* [Exercise]: The full set of records must be set down verbatim.

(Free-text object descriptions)
____
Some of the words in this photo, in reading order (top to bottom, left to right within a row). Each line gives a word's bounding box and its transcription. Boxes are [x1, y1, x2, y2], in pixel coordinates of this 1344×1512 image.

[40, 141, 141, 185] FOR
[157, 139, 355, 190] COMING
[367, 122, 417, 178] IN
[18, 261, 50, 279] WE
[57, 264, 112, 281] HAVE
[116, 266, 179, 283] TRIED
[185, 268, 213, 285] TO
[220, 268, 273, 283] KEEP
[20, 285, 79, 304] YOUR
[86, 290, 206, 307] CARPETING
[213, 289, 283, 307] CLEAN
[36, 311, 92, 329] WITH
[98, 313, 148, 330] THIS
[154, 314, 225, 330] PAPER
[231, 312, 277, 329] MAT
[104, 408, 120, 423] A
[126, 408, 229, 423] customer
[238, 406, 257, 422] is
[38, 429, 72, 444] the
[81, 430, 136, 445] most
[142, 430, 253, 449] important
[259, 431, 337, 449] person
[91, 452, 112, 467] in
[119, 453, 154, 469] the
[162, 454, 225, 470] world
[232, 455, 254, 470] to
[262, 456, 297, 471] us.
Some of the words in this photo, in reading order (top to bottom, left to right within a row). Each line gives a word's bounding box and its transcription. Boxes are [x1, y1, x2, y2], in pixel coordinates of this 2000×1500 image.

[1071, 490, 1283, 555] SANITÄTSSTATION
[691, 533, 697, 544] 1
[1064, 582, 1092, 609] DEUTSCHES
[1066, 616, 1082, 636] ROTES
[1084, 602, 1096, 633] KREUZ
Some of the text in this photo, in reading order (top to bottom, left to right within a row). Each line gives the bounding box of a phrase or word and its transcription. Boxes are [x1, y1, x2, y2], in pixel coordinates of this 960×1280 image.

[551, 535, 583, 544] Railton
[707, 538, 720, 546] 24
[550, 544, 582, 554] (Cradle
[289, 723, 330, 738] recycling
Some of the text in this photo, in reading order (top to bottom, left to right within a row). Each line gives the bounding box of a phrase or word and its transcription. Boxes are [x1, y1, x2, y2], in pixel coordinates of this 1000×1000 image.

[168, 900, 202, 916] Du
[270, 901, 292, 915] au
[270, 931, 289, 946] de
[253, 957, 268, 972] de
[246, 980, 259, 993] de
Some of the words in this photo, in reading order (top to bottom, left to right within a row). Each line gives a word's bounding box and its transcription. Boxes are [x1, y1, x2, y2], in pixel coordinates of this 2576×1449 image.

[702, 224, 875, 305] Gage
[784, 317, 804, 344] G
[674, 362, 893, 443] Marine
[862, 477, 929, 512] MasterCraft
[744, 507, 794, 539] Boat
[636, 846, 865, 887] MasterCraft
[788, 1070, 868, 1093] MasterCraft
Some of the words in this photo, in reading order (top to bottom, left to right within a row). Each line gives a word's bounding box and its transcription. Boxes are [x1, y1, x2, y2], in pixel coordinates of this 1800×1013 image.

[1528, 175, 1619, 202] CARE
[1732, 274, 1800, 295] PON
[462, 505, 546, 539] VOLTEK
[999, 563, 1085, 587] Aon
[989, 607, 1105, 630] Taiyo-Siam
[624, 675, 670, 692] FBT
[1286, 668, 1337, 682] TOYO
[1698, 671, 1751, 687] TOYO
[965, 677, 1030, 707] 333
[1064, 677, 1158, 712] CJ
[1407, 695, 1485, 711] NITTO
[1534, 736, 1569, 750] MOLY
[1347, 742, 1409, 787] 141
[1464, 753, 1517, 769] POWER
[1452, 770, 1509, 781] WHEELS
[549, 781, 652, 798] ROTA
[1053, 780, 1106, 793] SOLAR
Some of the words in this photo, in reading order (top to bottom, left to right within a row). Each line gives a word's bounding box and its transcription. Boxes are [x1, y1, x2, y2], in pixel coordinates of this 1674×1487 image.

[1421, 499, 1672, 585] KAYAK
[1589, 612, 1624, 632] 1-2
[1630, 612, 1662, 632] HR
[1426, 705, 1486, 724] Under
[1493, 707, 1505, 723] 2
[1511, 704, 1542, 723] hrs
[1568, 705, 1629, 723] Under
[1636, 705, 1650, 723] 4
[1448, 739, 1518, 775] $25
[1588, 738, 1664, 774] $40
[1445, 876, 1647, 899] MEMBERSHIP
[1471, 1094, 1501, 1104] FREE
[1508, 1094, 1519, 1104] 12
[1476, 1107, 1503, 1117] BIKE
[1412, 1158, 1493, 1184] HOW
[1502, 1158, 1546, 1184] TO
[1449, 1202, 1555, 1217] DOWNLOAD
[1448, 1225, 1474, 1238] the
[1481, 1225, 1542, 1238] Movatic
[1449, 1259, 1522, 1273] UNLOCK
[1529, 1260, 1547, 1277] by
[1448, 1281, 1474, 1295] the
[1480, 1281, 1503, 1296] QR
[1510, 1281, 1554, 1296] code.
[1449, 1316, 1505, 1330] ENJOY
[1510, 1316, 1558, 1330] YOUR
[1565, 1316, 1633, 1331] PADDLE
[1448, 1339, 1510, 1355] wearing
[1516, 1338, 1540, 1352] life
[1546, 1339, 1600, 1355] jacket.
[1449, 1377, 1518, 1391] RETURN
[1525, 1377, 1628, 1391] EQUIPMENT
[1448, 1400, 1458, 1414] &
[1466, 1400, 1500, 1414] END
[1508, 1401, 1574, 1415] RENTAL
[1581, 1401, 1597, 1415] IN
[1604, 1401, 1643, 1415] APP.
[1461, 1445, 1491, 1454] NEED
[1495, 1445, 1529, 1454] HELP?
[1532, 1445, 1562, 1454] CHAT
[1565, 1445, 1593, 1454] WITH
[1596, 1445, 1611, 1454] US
____
* [Exercise result]:
Some of the words in this photo, in reading order (top to bottom, left to right within a row). Each line gives a word's bounding box and its transcription. Boxes are [x1, y1, x2, y2], in pixel coordinates of this 1344×1512 image.

[40, 141, 141, 185] FOR
[157, 139, 355, 190] COMING
[367, 122, 417, 178] IN
[18, 261, 50, 279] WE
[57, 264, 112, 281] HAVE
[116, 266, 179, 283] TRIED
[185, 268, 213, 285] TO
[220, 268, 273, 283] KEEP
[20, 285, 79, 304] YOUR
[86, 290, 206, 307] CARPETING
[213, 289, 283, 307] CLEAN
[36, 311, 92, 329] WITH
[98, 313, 148, 330] THIS
[154, 314, 225, 330] PAPER
[231, 312, 277, 329] MAT
[104, 408, 120, 423] A
[126, 408, 229, 423] customer
[238, 406, 257, 422] is
[38, 429, 72, 444] the
[81, 430, 136, 445] most
[142, 430, 253, 449] important
[259, 431, 337, 449] person
[91, 452, 112, 467] in
[119, 453, 154, 469] the
[162, 454, 225, 470] world
[232, 455, 254, 470] to
[262, 456, 297, 471] us.
Some of the words in this photo, in reading order (top to bottom, left to right within a row). Each line gives a word's bounding box and its transcription. Boxes are [x1, y1, x2, y2], in pixel coordinates of this 2000×1500 image.

[1071, 490, 1283, 555] SANITÄTSSTATION
[691, 533, 697, 544] 1
[1064, 582, 1092, 609] DEUTSCHES
[1066, 616, 1082, 636] ROTES
[1084, 602, 1096, 633] KREUZ
Some of the text in this photo, in reading order (top to bottom, left to right within a row). Each line gives the bounding box of a phrase or word and its transcription. Boxes are [x1, y1, x2, y2], in pixel coordinates of this 960×1280 image.

[551, 535, 583, 544] Railton
[707, 538, 720, 546] 24
[550, 544, 582, 554] (Cradle
[289, 723, 330, 738] recycling
Some of the text in this photo, in reading order (top to bottom, left to right within a row). Each line gives the bounding box of a phrase or word and its transcription. Boxes are [x1, y1, x2, y2], in pixel coordinates of this 1000×1000 image.

[168, 900, 202, 916] Du
[270, 901, 292, 915] au
[270, 931, 289, 946] de
[253, 957, 268, 972] de
[246, 980, 259, 993] de
Some of the words in this photo, in reading order (top to bottom, left to right within a row). Each line gives a word's bounding box and its transcription. Boxes are [x1, y1, x2, y2], in pixel coordinates of this 2576×1449 image.

[702, 224, 875, 305] Gage
[784, 317, 804, 344] G
[674, 362, 893, 443] Marine
[862, 477, 929, 512] MasterCraft
[744, 507, 794, 539] Boat
[636, 846, 865, 887] MasterCraft
[788, 1070, 868, 1093] MasterCraft
Some of the words in this photo, in reading order (top to bottom, left to right within a row). Each line gives a word's bounding box and its transcription. Boxes are [x1, y1, x2, y2], in pixel coordinates of this 1800×1013 image.

[1528, 175, 1619, 202] CARE
[1732, 274, 1800, 295] PON
[462, 505, 546, 539] VOLTEK
[999, 563, 1085, 587] Aon
[989, 607, 1105, 630] Taiyo-Siam
[624, 675, 670, 692] FBT
[1286, 668, 1337, 682] TOYO
[1698, 671, 1751, 687] TOYO
[965, 677, 1030, 707] 333
[1064, 677, 1158, 712] CJ
[1407, 695, 1485, 711] NITTO
[1534, 736, 1569, 750] MOLY
[1347, 742, 1409, 787] 141
[1464, 753, 1517, 769] POWER
[1452, 770, 1509, 781] WHEELS
[549, 781, 652, 798] ROTA
[1053, 780, 1106, 793] SOLAR
Some of the words in this photo, in reading order (top to bottom, left to right within a row). Each line gives a word's bounding box and its transcription. Boxes are [x1, y1, x2, y2], in pixel coordinates of this 1674×1487 image.

[1421, 499, 1672, 585] KAYAK
[1589, 612, 1624, 632] 1-2
[1630, 612, 1662, 632] HR
[1426, 705, 1486, 724] Under
[1493, 707, 1505, 723] 2
[1511, 704, 1542, 723] hrs
[1568, 705, 1629, 723] Under
[1636, 705, 1650, 723] 4
[1448, 739, 1518, 775] $25
[1588, 738, 1664, 774] $40
[1445, 876, 1647, 899] MEMBERSHIP
[1471, 1094, 1501, 1104] FREE
[1508, 1094, 1519, 1104] 12
[1476, 1107, 1503, 1117] BIKE
[1412, 1158, 1493, 1184] HOW
[1502, 1158, 1546, 1184] TO
[1449, 1202, 1555, 1217] DOWNLOAD
[1448, 1225, 1474, 1238] the
[1481, 1225, 1542, 1238] Movatic
[1449, 1259, 1522, 1273] UNLOCK
[1529, 1260, 1547, 1277] by
[1448, 1281, 1474, 1295] the
[1480, 1281, 1503, 1296] QR
[1510, 1281, 1554, 1296] code.
[1449, 1316, 1505, 1330] ENJOY
[1510, 1316, 1558, 1330] YOUR
[1565, 1316, 1633, 1331] PADDLE
[1448, 1339, 1510, 1355] wearing
[1516, 1338, 1540, 1352] life
[1546, 1339, 1600, 1355] jacket.
[1449, 1377, 1518, 1391] RETURN
[1525, 1377, 1628, 1391] EQUIPMENT
[1448, 1400, 1458, 1414] &
[1466, 1400, 1500, 1414] END
[1508, 1401, 1574, 1415] RENTAL
[1581, 1401, 1597, 1415] IN
[1604, 1401, 1643, 1415] APP.
[1461, 1445, 1491, 1454] NEED
[1495, 1445, 1529, 1454] HELP?
[1532, 1445, 1562, 1454] CHAT
[1565, 1445, 1593, 1454] WITH
[1596, 1445, 1611, 1454] US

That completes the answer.